Goal of the exercise. Every record below should be printed again exactly, with its pictures removed.

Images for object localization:
━━━━━━━━━━━━━━━━━━━━━━━━━━━━━━

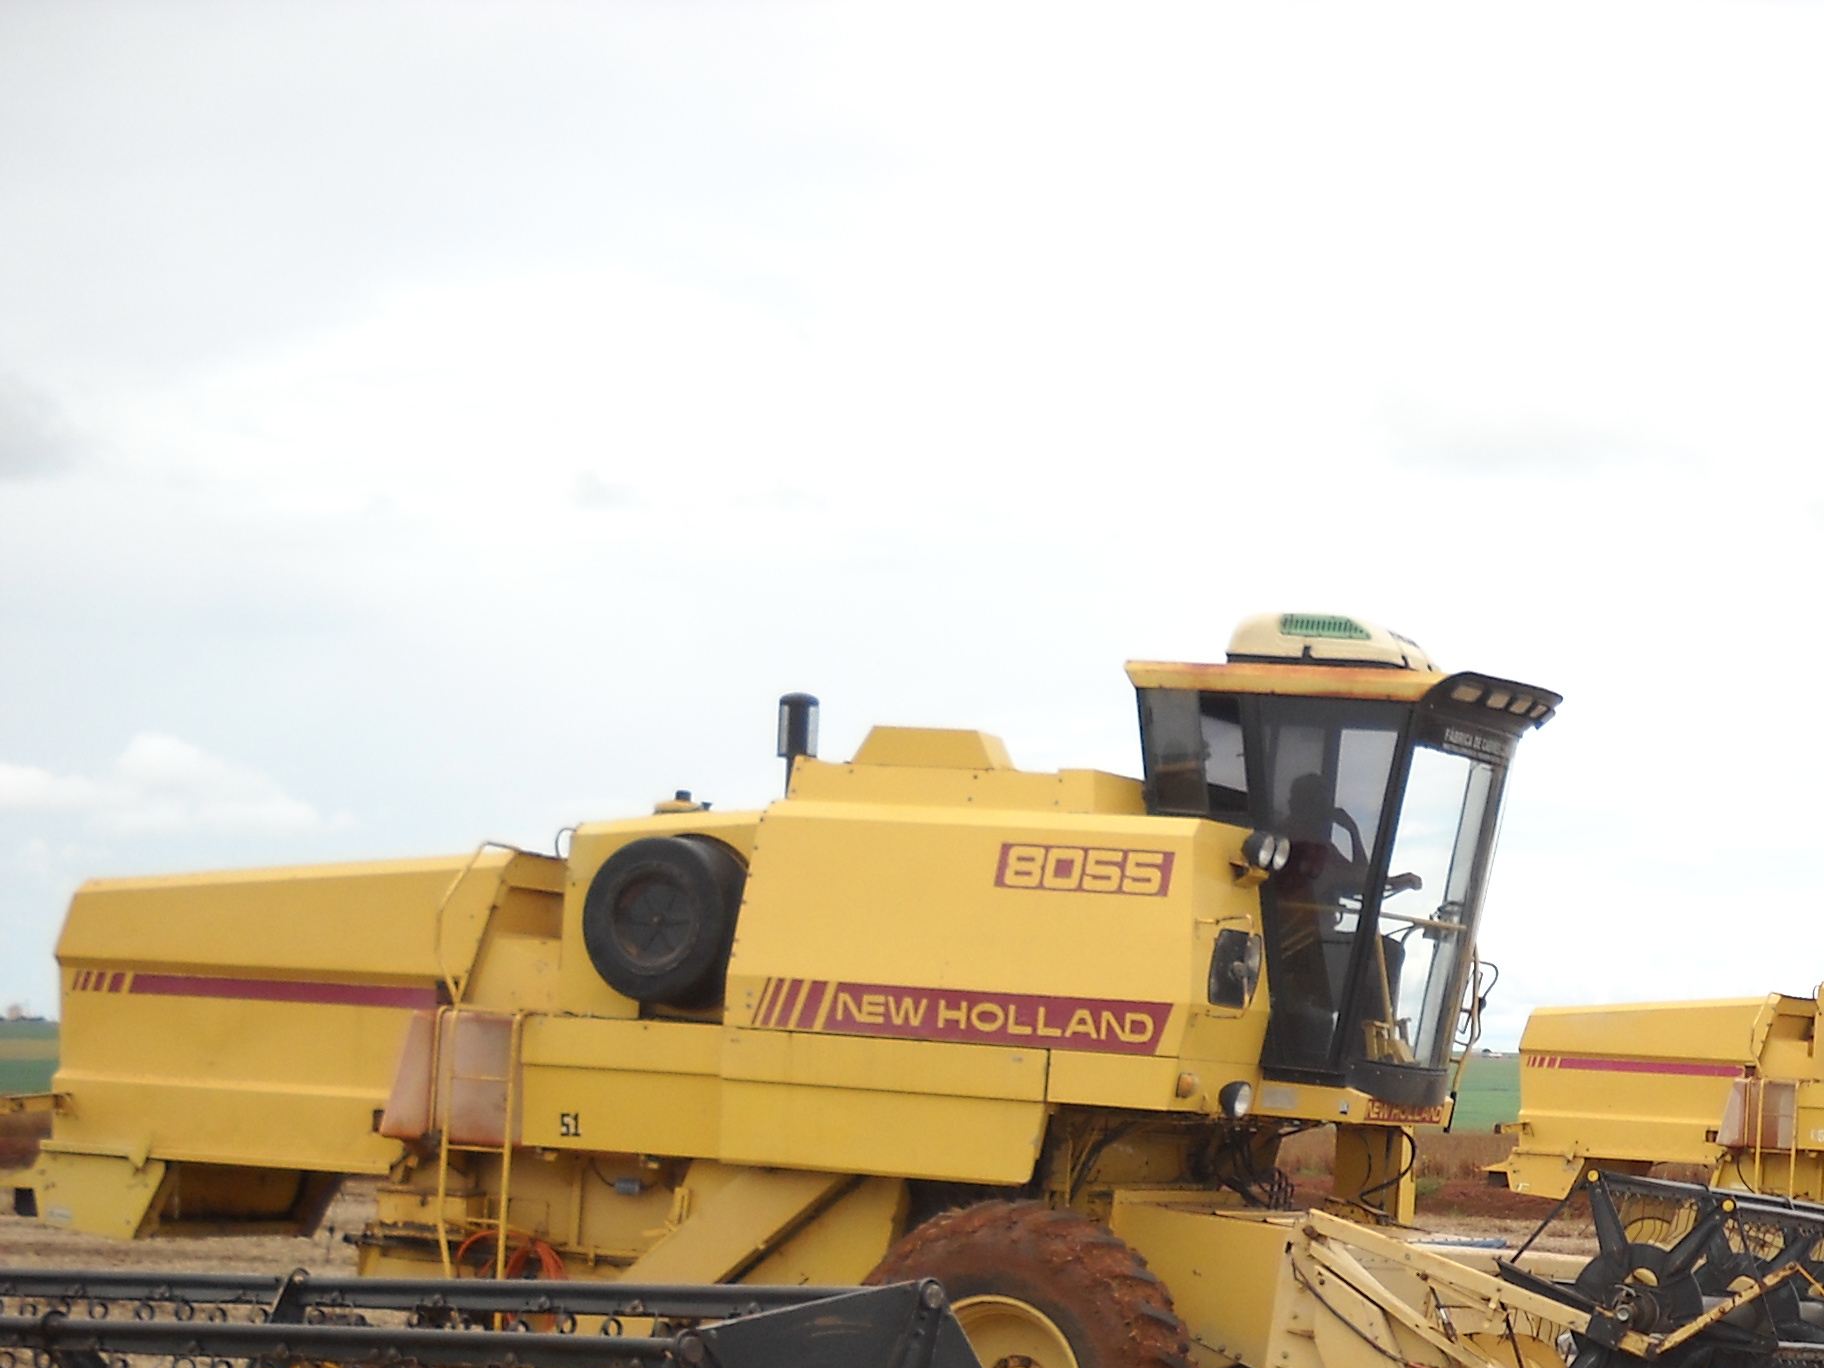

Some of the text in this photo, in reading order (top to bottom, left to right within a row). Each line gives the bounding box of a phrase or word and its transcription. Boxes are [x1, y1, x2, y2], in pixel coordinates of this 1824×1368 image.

[1003, 845, 1164, 894] 8055
[836, 992, 1155, 1044] NEW HOLLAND
[560, 1113, 581, 1137] 51
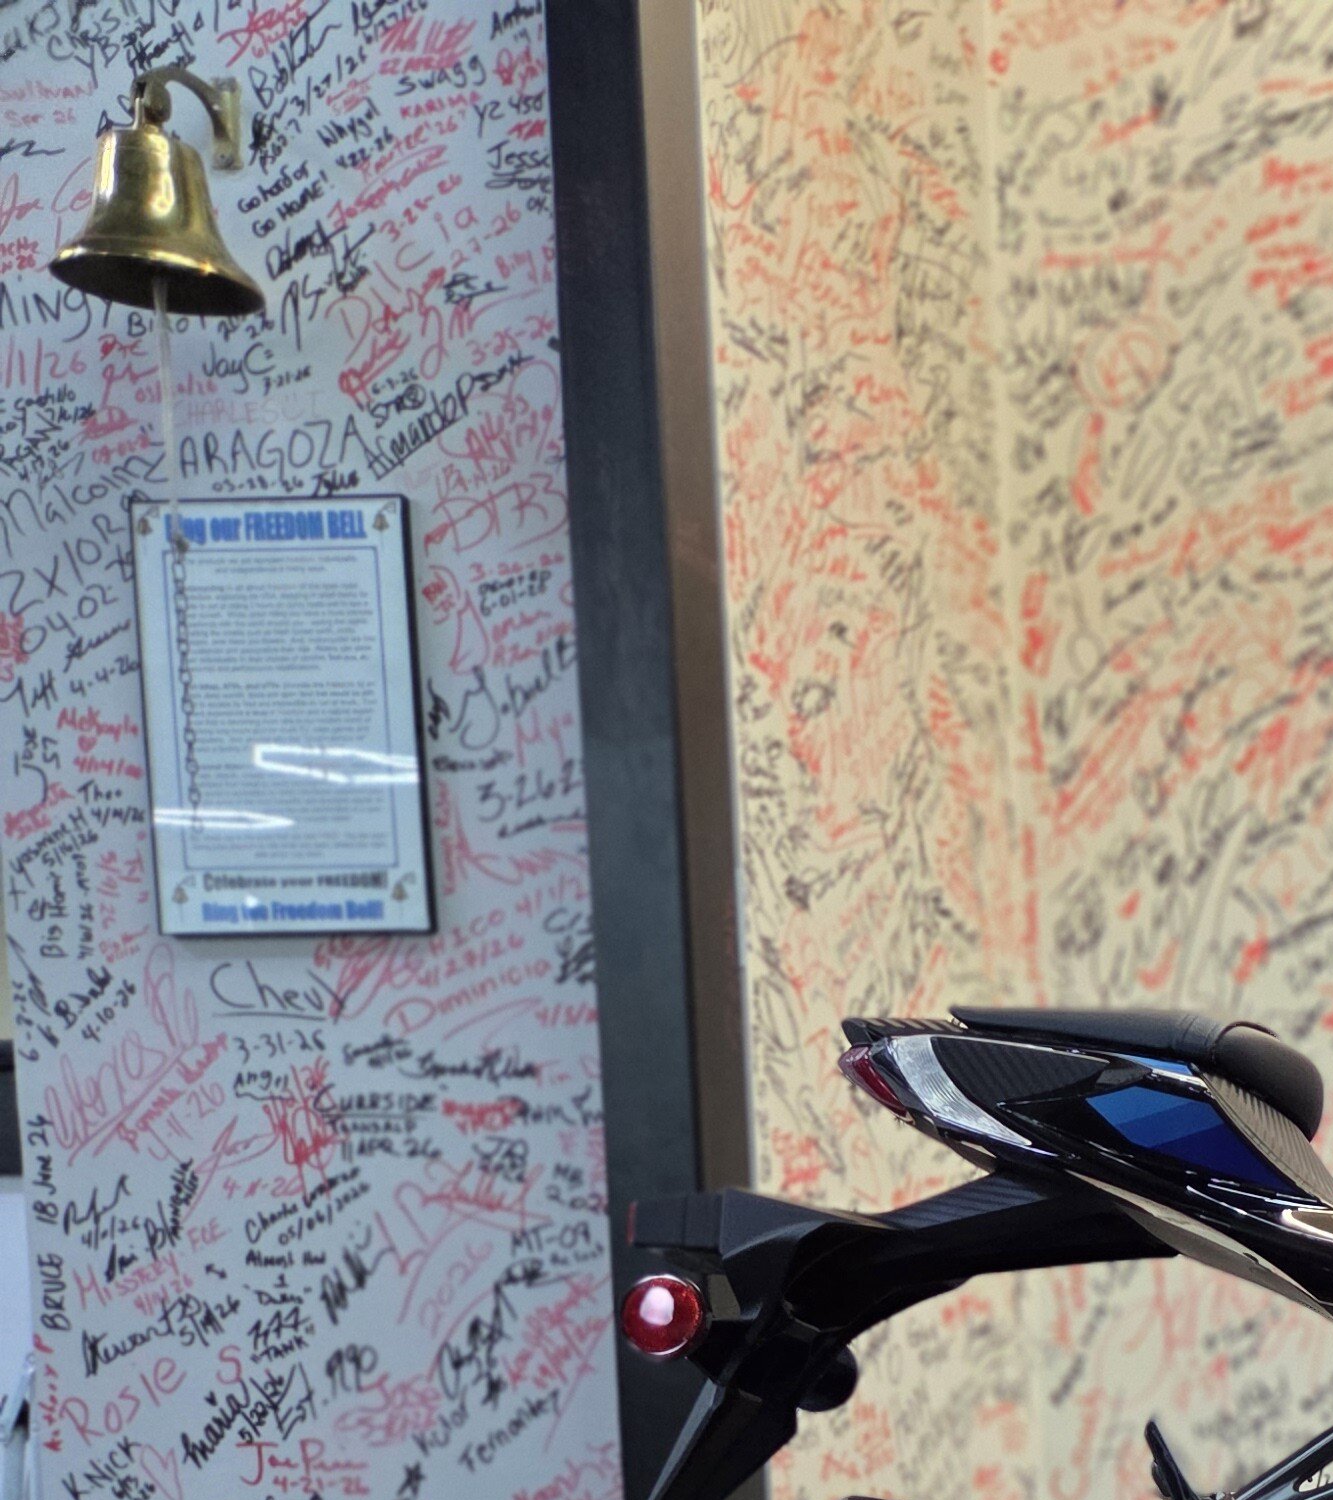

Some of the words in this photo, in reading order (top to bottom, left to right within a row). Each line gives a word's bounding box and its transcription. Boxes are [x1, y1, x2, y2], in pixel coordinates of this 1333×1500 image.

━━━━━━━━━━━━━━━━━━━━━━━━━━━━━━

Your response.
Some of the text in this photo, in reading order (top to bottom, left to right within a row). Each line gives the bounding box of a phrase or word and its transcription. Boxes are [x1, y1, x2, y2], in pixel coordinates of this 1824×1368 image.

[1003, 845, 1164, 894] 8055
[836, 992, 1155, 1044] NEW HOLLAND
[560, 1113, 581, 1137] 51

Some of the words in this photo, in reading order (top to bottom, left to right within a row). Each line gives a word's bounding box and its transcription. Boxes are [x1, y1, x2, y2], in pixel coordinates of this 1333×1500 image.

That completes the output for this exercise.